If you use a generator and wish to EQ with it (which makes very little sense to me) then what I suggest is to use a relay on the generator output that disables or modifies the tristar by acting on the battery-sensing wires. I have sometimes used such a relay to insert diode strings into the sensing leads so as to raise the effective PWM voltage and avoid dumping generator power into diversion loads. Or just run the generator to bring the batteries out of a low state to a state of half charge, and do the EQ charging with renewables when they are abundant. A proper EQ charge takes a long time and not very much power, so a generator is very wasteful doing this.

Finally a note on resistor power rating. A one ohm resistor at 60 volts will draw 60 amps and produce 3600 watts of heat. It will do this even if it is rated for 1000 watts. However it will overheat and be damaged and may also be a hazard. Make sure the resistor is working within its safe power rating as well as choosing a resistor (ohms rating) that can dump all the current you produce and not overload the charge controller.

I hope this helps!

Hugh

91. Pete says:

Hi Hugh,
Thanks for the info, really helpful. You are a legend… 🙂
Best wishes,
Pete

92. Peter Bruyns says:

Hugh, I understand your reply. It possibly also explains why high wattage UPS’s are so expensive. The standard ones, come to think of it, use 3 or 4 twelve volt batteries. However, your point about the forum is taken. In that spirit then, because Willie’s point about power meters not reversing is understandable if the phase correction is not done. If he is out of phase then his side is effectively a load on the mains supply. I can think of only one SIMPLE way to change that and that is via a 1 to 1 transformer. It could also be possible for Willie to change the two wires around , that is, his neutral might be the mains live and the opposite for his live. A simple explanation would be it’s like connecting two batteries reverse polarity. I shall continue my own research but economics could force my return to the 48v system. If life was simple, ect.

93. Peter Bruyns says:

Good day, “ADMIN”, my error, in hindsight was obvious, I used the amp/hour rating as a multiplier, However, your reply that finding reliable switching units is a good one. To Willie, above, let me say that I believe his problem is in phase correction. I have seen power stations with very large correction capacitors, in fact my father nearly died with one faulty cap, it recharged when the bleeder resistor was disconnected. I am moving to the Western Cape and will have tons of wind and sun, I still prefer the higher voltage and will happily install nine giant batteries, so a 115V system. Yankee(or Confederate) equipment and 10 kilowatt transformers are not so difficult to find, I can parallel a few transformers so as to up the voltage to 220 if I must. (I don’t mean adding the outputs of the transformers) I will be installing an assisted solar geyser so the dump will be simple, just a voltage sensor to a solenoid. The heating element does not really care whether it receives AC or DC. Does the Tristar cater for the higher voltage or must I wind a few transformers?

hi Peter,

My name is Hugh, it’s just that I am the administrator of this site. Maybe I need to create a new identity in the system that signs my actual name!

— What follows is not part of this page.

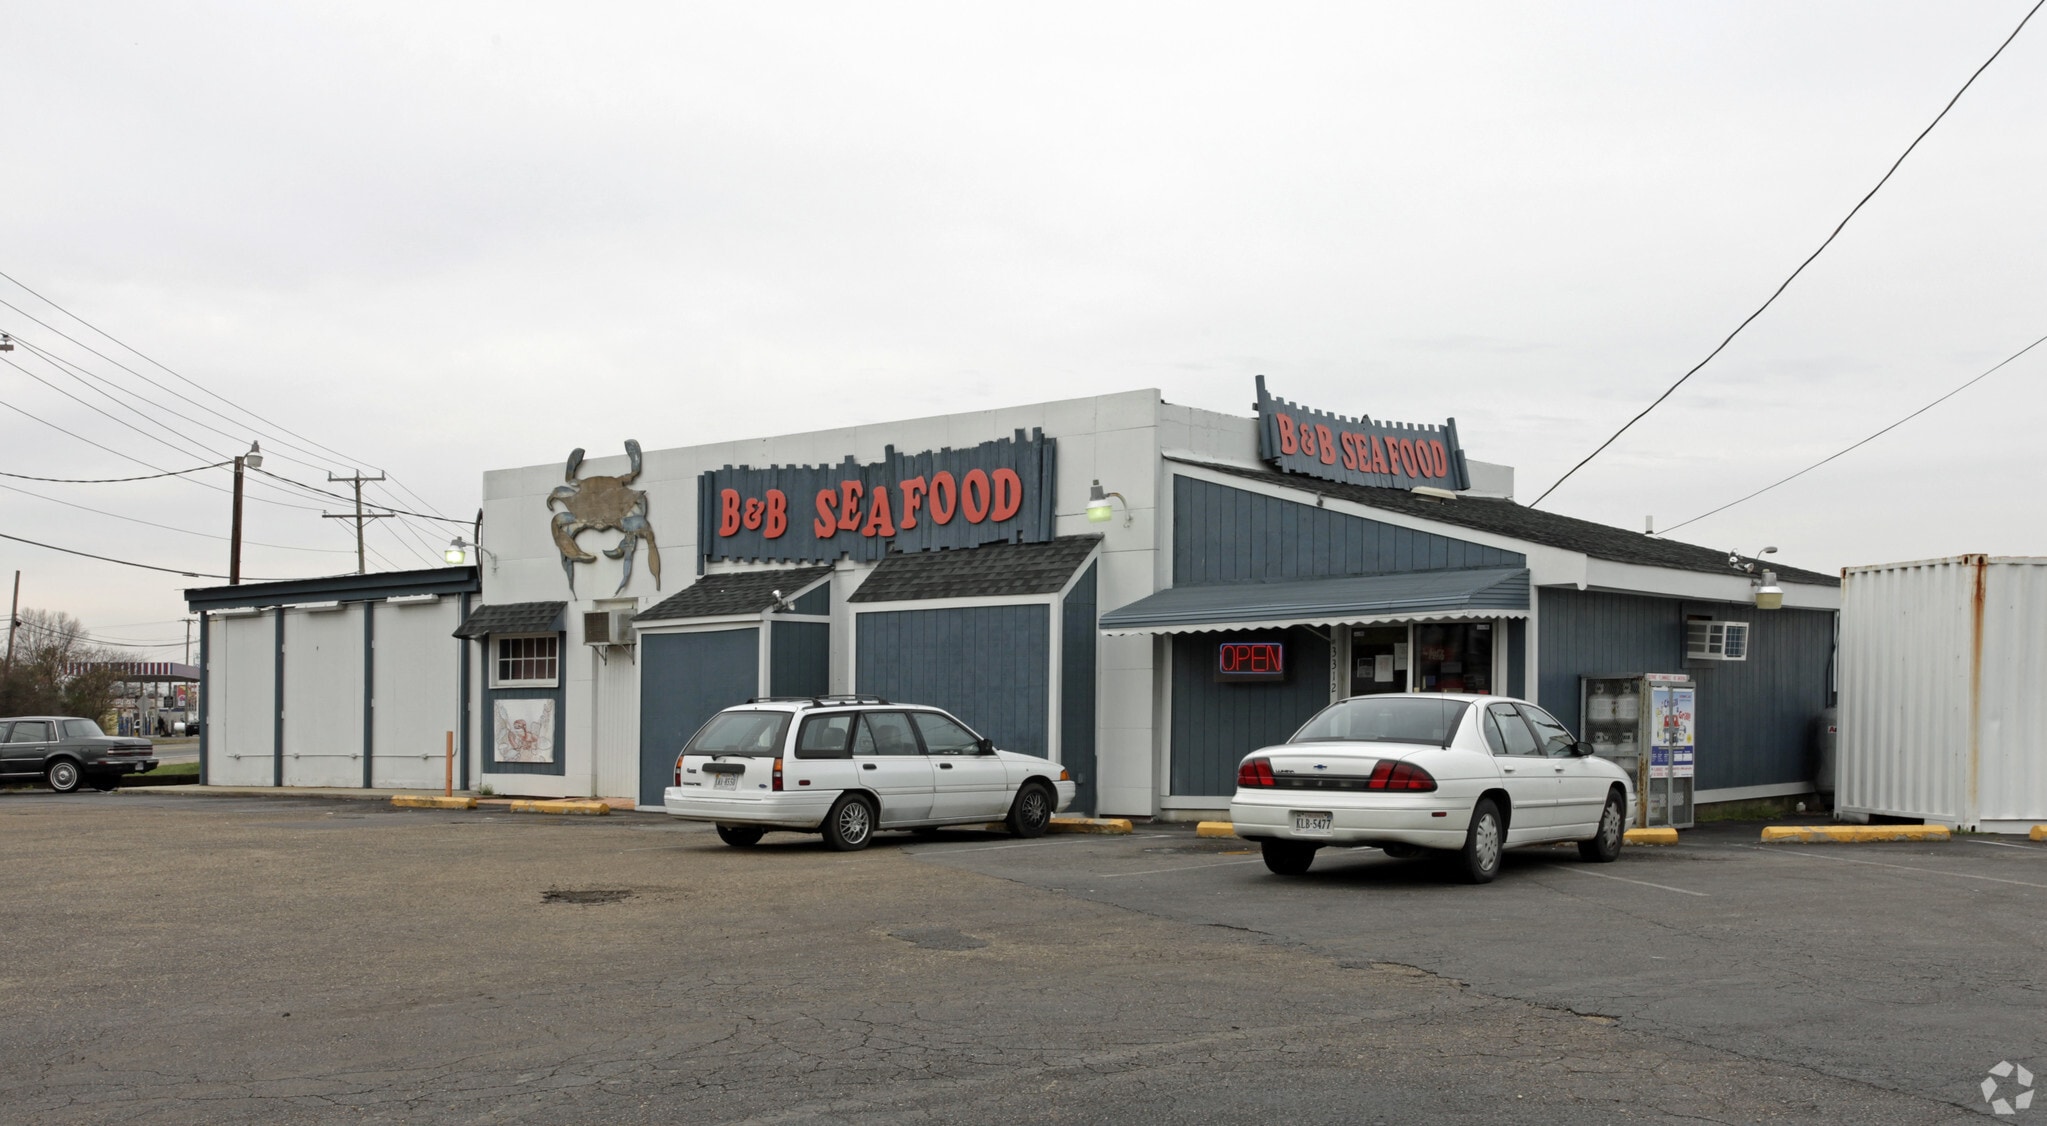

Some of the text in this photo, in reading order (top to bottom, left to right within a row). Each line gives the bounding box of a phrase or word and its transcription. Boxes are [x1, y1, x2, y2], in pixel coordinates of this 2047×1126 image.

I am sure you will have a lot of fun with the high voltage system but it’s a step further in ‘doing it all’ than most people want to go. The Tristar controllers that are the discussed on this page are designed for battery voltages 12, 24 and 48 volts. You will more likely devise your own charge control system based on your own voltage and your own ideas, but if you wanted to use Tristars to control a higher voltage battery then you would need to connect them to parts of the battery rather than to the whole.

For example if you have 9 batteries then you could use 2 tristars configured for 48V (each on a 4 battery string) and one configured for 12 volts for the remaining battery. This would be clumsy, but it would do a slightly better job of caring for the individual batteries than the single dump load that operates on a cue from the total battery voltage. (You could also configure the Tristars to work with 36V batteries, and then use 3 of them, on 3 batteries each, but you’d need to connect a computer to the Tristars to program them for this.)

94. Willie Long says:

Good day, I have a solar system which has a 48 volt system, the batteries are charged from a Microcare 40 Amp MPPT ccontroller, this works just fine. I have a 3 kw. bi directional inverter which supplies my 220 volts. I also have a Samil grid tied inverter, now I want to hook the grid tie inverter after the 3 kw inverter, on its output side to take pressure off the batteries. The batteries are charged by a separate array of panels from the Grid tied inverter. Now when I hook up the G.Tied inverter to the output of the inverter she works fine as long as I am drawing near to what the G.Tied inverter is putting out, if I draw less it feeds back via the bi directional inverter and charges the batteries and this is obviously not regulated and the voltage rises to 65 odd volts which is not good. Is there a simple way I can shunt to excess power when I am using less that the system produces? I need to get the voltage down to between 50 and 55 volts. I am using this as I need the bi-directional inverter to pexcite the grid tied inverter then they work together. Any advice would be appreciated.

Hi Willie, The Tristar with diversion load would be a perfect solution to this problem. It will regulate the battery voltage regardless of where the current is coming from even if it’s coming back off the inverter.

You can set the voltage close to the settings of the microcare unit and it may (at times) dump the current coming in from that but that won’t matter, so long as they can regulate the total incoming current between them at a suitable voltage. Even if they do not always agree precisely about the charging voltage they will act quite well as a “committee”.

• Willie Long says:

Thanks for the above, I will look into it, I presume the terminals of the tristar are to be connecter to the battery terminls direct?
I have another one, if this is not the correct forum, please tell me. I have Samil Grid Tied Inverter as above in my earlier comment. When connected to the grid and running, my pre paid meter still deducts units even when I have no load at all, in other words all the power generated is going to the grid and I am having to pay for them to take it, not really on is it? When I have a load on near to the same value as it is generating it stops and of course wen I use more than the inverter produces it deducts, so the meter moves forward which ever way the power if flowing. Any comments from anyone please? Interesting stuff> Willie

Hi again, Yes you connect the Tristar to the battery (through a fuse or breaker). It does not care whether the current is from the wind, the sun or perpetual motion it simply makes sure that the voltage does not rise above the set point and it does this by drawing/diverting current from the battery to a dump load.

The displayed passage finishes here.